— The task —
Set down every entry again word for word, please, but skip the pictures.

Annotated photo localization data
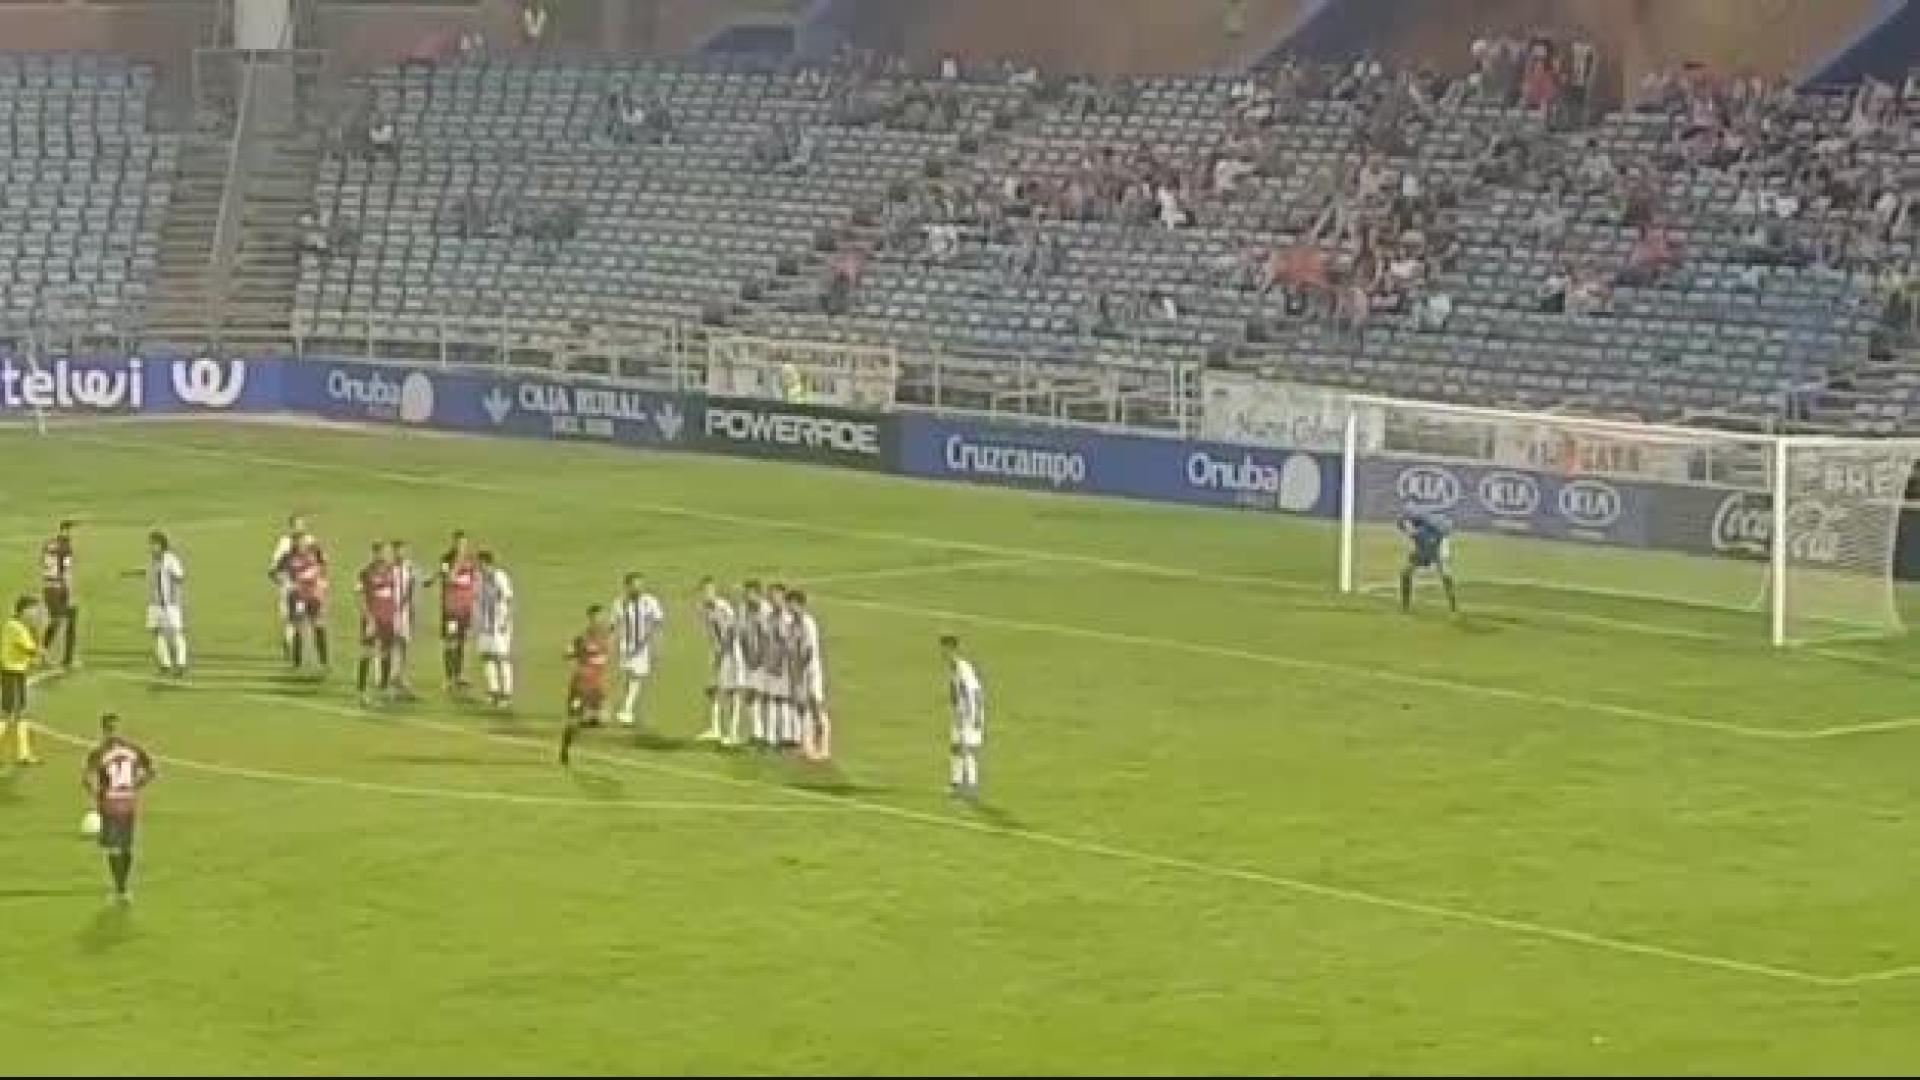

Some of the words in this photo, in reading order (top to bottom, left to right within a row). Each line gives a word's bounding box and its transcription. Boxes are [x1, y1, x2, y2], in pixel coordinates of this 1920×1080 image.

[327, 368, 400, 406] Onuba
[706, 407, 880, 453] POWERADE
[946, 433, 1086, 486] Cruzcampo
[1187, 452, 1279, 492] Onuba

— Your solution —
Some of the words in this photo, in reading order (top to bottom, left to right within a row). Each line gives a word's bounding box and its transcription. Boxes are [x1, y1, x2, y2], in pixel coordinates of this 1920×1080 image.

[327, 368, 400, 406] Onuba
[706, 407, 880, 453] POWERADE
[946, 433, 1086, 486] Cruzcampo
[1187, 452, 1279, 492] Onuba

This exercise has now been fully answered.